HTML5 article and section refresher

Despite being among the earliest of HTML5 elements, article and section elements still crop up in questions when I’m talking to people about HTML5. I think the reason people ask is because they imagine that these elements are more restrictive than they really are.

So to help clarify how these elements work, a quick example of some of the ways they can be used.

The article element is for stand-alone chunks of content. Imagine adding a 4px dashed border to the article in CSS, now get a pair of scissors, cut the entire article element out of the page along the dashed line and paste it on a blank piece of paper… does it still make sense on its own? It is a good use of an article element if the answer is yes.
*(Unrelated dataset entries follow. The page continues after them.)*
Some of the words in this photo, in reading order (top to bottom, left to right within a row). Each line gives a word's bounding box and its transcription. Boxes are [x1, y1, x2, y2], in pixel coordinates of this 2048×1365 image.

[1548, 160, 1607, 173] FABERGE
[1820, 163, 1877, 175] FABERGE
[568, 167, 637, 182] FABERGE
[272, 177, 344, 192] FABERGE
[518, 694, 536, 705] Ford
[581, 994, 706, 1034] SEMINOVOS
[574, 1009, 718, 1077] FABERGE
The example given in the specification is a blog post. The blog itself would be an article and each user-submitted comment could be an article nested within the blog post article. This is a good example, but ties the article element a bit too closely to a written “article”. It might be more useful to remember that a “loan calculator” widget could be enclosed in an article element – the “cutting it out and using it its own right” is a handy way to think about these things.
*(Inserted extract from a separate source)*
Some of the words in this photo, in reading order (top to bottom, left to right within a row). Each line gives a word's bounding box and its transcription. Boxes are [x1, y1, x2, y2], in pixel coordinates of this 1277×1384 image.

The section element works in two ways. You can use it group things together and you can use it to separate things.

Imagine a page full of reviews. You might use section elements to group the “music” reviews together and the “film” reviews together. Each section would have multiple reviews. This is an example of grouping many things using a section.
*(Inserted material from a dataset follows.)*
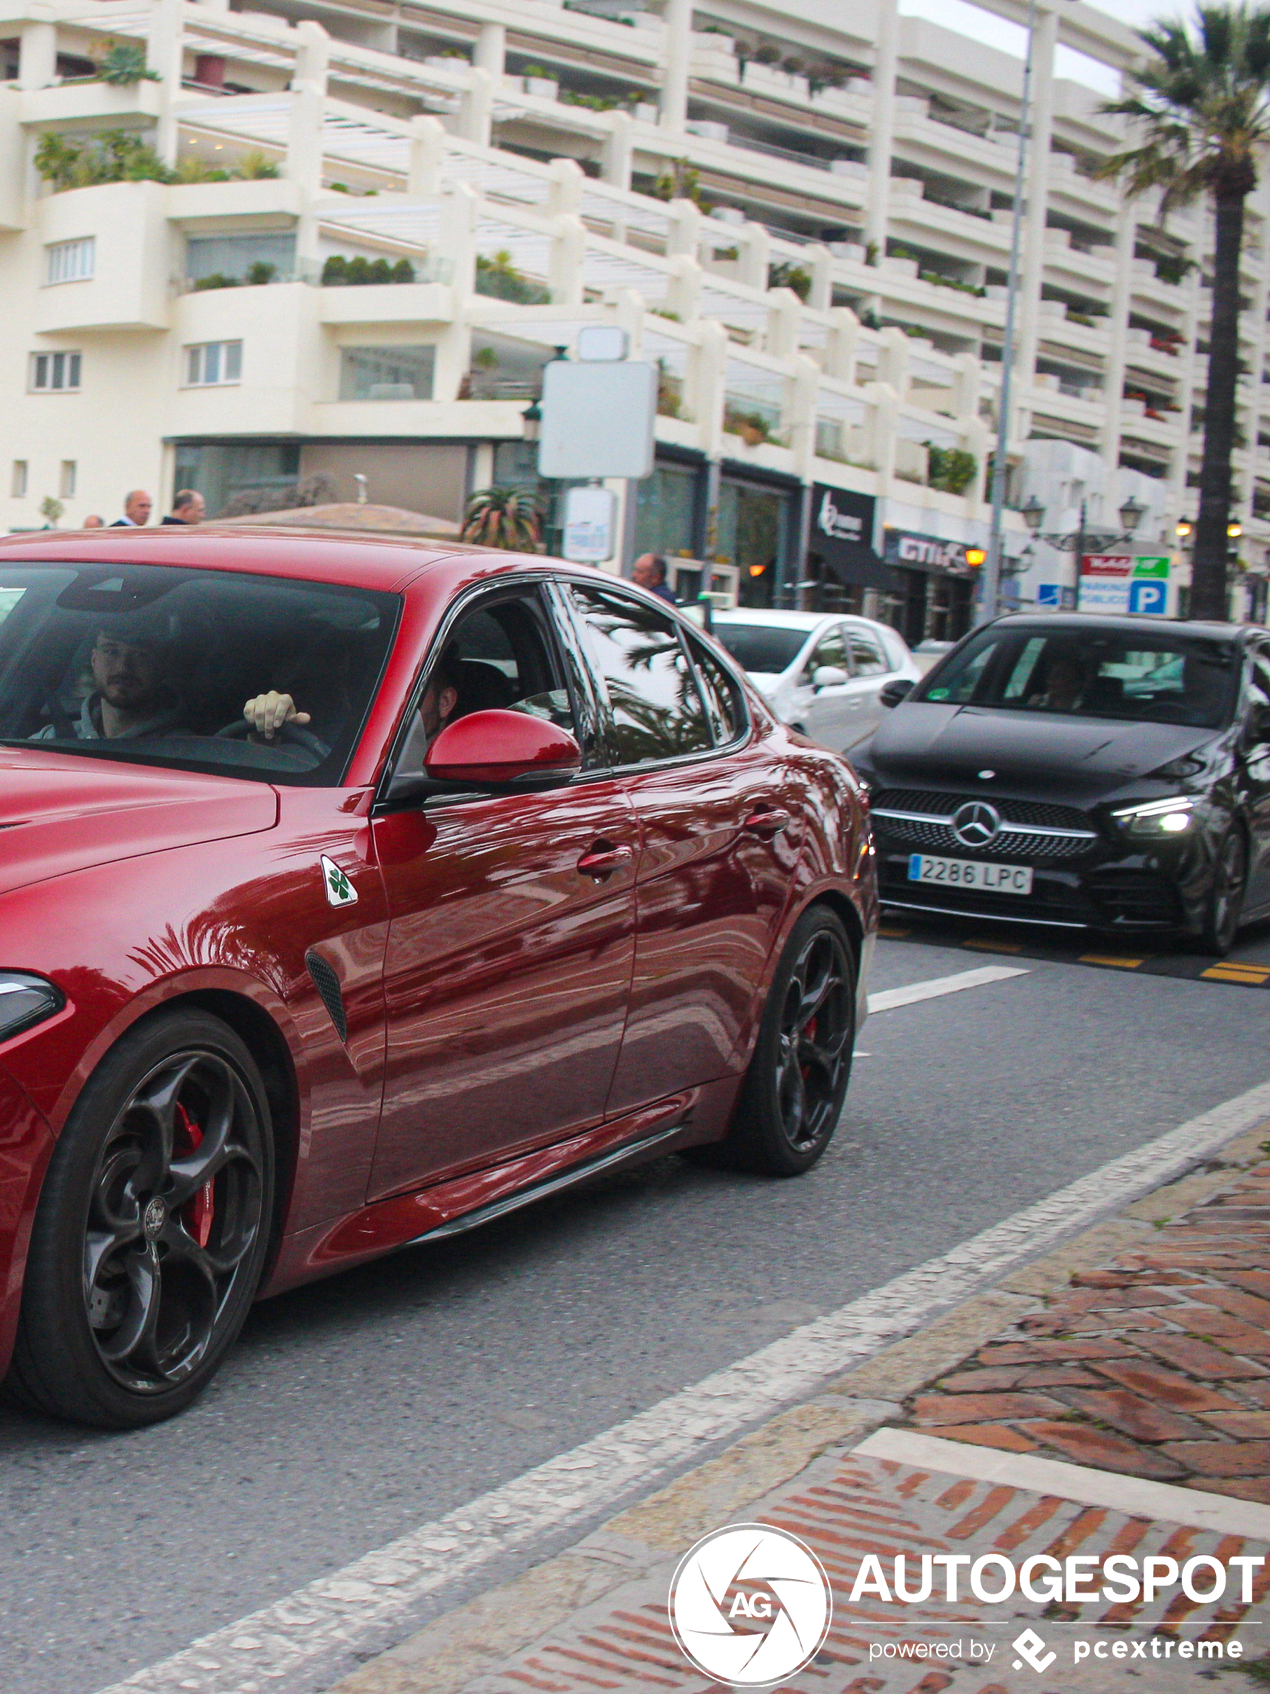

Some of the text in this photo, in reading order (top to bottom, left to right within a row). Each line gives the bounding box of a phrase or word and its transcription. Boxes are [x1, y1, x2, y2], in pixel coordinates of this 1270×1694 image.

  • section (Music reviews)
    • article (Troublegum review)
    • article (Infernal Love review)
    • article (Crooked Timber review)
  • section (Film reviews)
    • article (Yes Man review)
    • article (Mr Deeds review)
    • article (Elf review)

The flip-side use of a section would be to divide a single article into several chapters.

  • article (Academic Brilliance)
    • section (Introduction)
    • section (Chapter 1 – brilliant stuff)
    • section (Chapter 2 – more excellence)
    • section (Epilogue)

Usually, in both of these cases, each article and each section would have a heading element that contained the text in brackets.

Of course, if you had a really substantial page, you might combine both of these and have sections containing articles containing sections – but not many pages are that big!

Part of understanding how to use these elements to ignore the word “article” and instead think “stand alone” and the other part is to think of “section” also as “group”.

Quick Example

So here is an example HTML5 page outline…

  • body
    • header
    • nav
    • main
      • article
        • header
        • section
        • section
        • footer
    • aside
    • footer

In this example…

The page itself has a header, nav, main, aside and footer. This is a pretty typical page layout. The header and footer are tops and tails for your page. The nav element contains your primary site navigation. The aside element is for information related to the content nearby, but not a part of that content. The main element (at the time of writing this is a new one) is for identifying explicitly the primary content that the page is there for – in some cases this can be determined by removing all the elements you know are NOT the main content, but in some cases that doesn’t work – so the main element makes it absolutely clear.

Inside the main element, we have an article that is divided into a couple of sections and topped and tailed with a header and footer. You would leave out the sections if there wasn’t a great deal of content in the article and just put the content directly after the header and before the footer. Equally, the footer may not be required if you don’t have anything to tail your article with.